[Stored entries]
Content starts
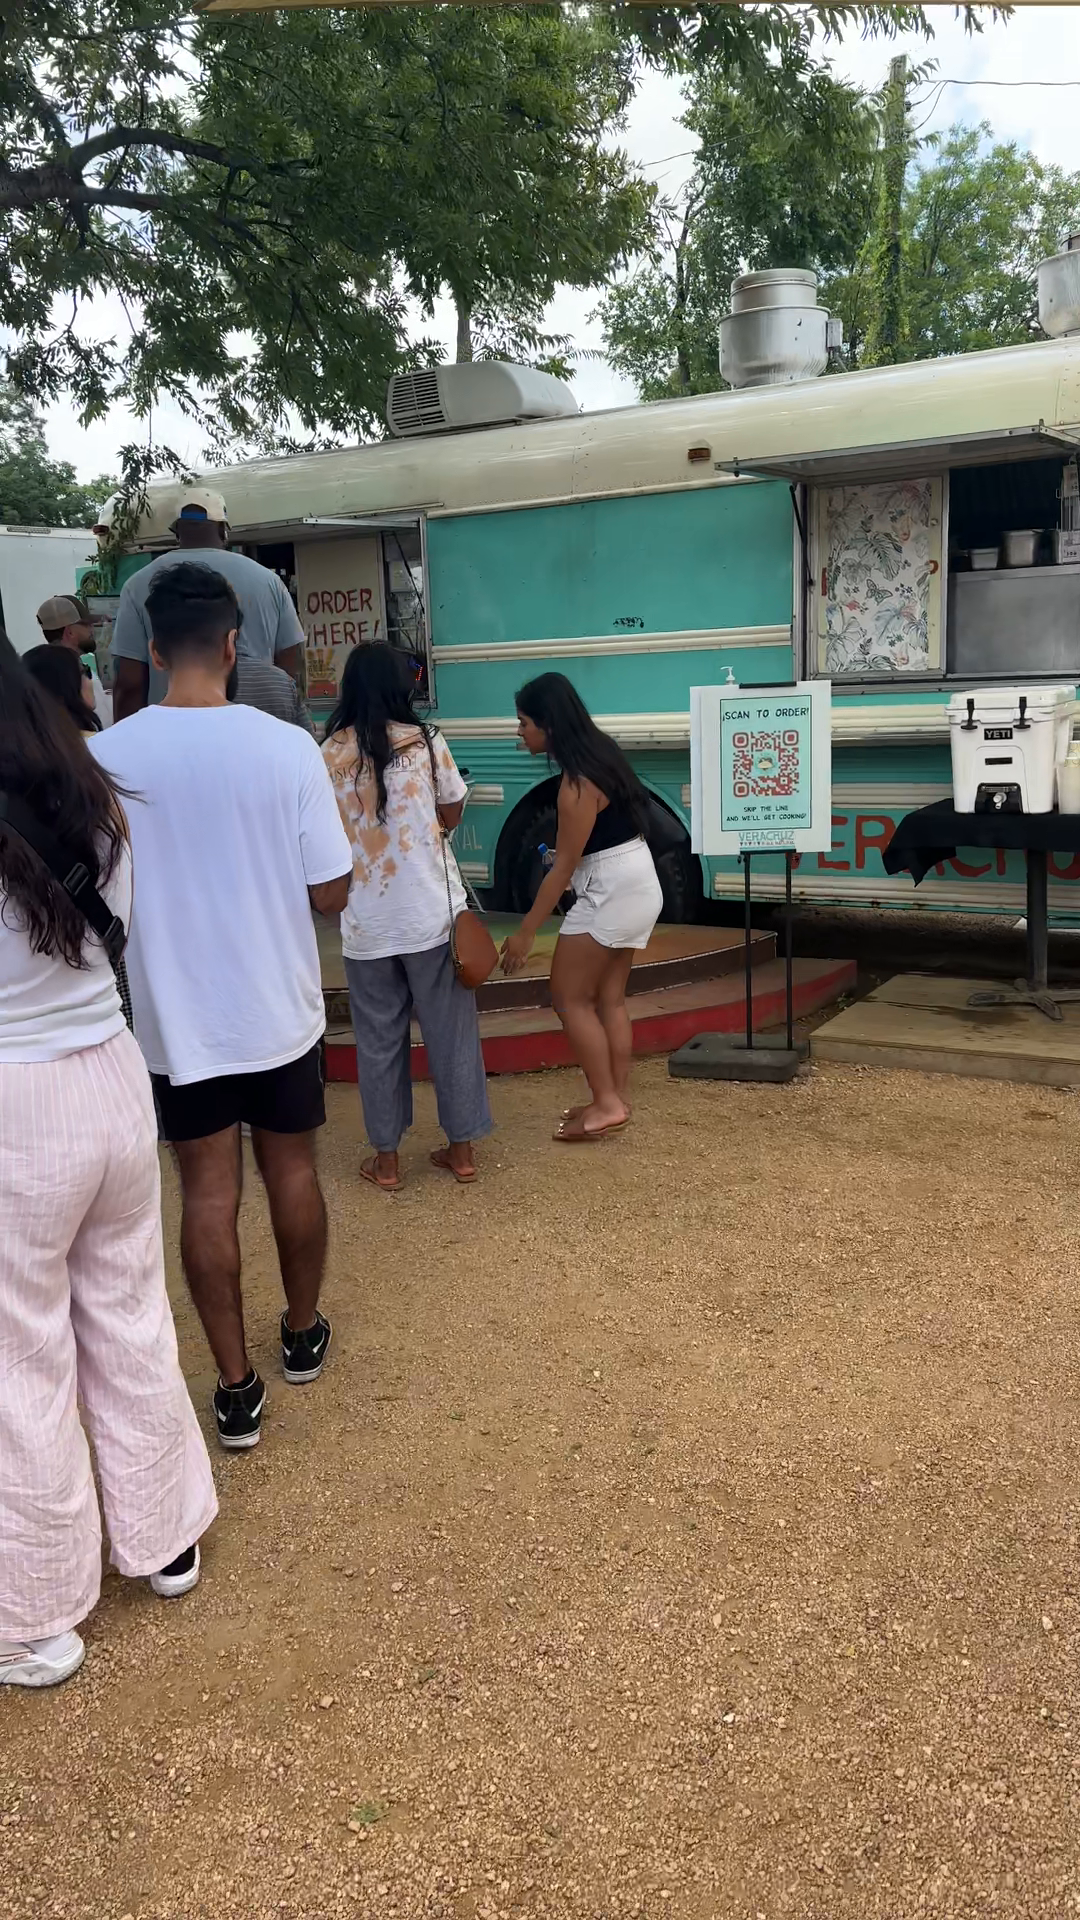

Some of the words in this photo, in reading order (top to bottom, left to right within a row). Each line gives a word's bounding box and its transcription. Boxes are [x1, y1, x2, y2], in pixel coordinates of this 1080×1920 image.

[307, 588, 373, 615] ORDER
[722, 710, 750, 722] ¡SCAN
[757, 709, 770, 719] TO
[775, 707, 810, 718] ORDER!
[985, 730, 1012, 739] YETI
[779, 812, 807, 820] COOKING!
Content ends
Your answer must be an exact reproduction of all entries, containing no pictures.

### Answer to this problem
Some of the words in this photo, in reading order (top to bottom, left to right within a row). Each line gives a word's bounding box and its transcription. Boxes are [x1, y1, x2, y2], in pixel coordinates of this 1080×1920 image.

[307, 588, 373, 615] ORDER
[722, 710, 750, 722] ¡SCAN
[757, 709, 770, 719] TO
[775, 707, 810, 718] ORDER!
[985, 730, 1012, 739] YETI
[779, 812, 807, 820] COOKING!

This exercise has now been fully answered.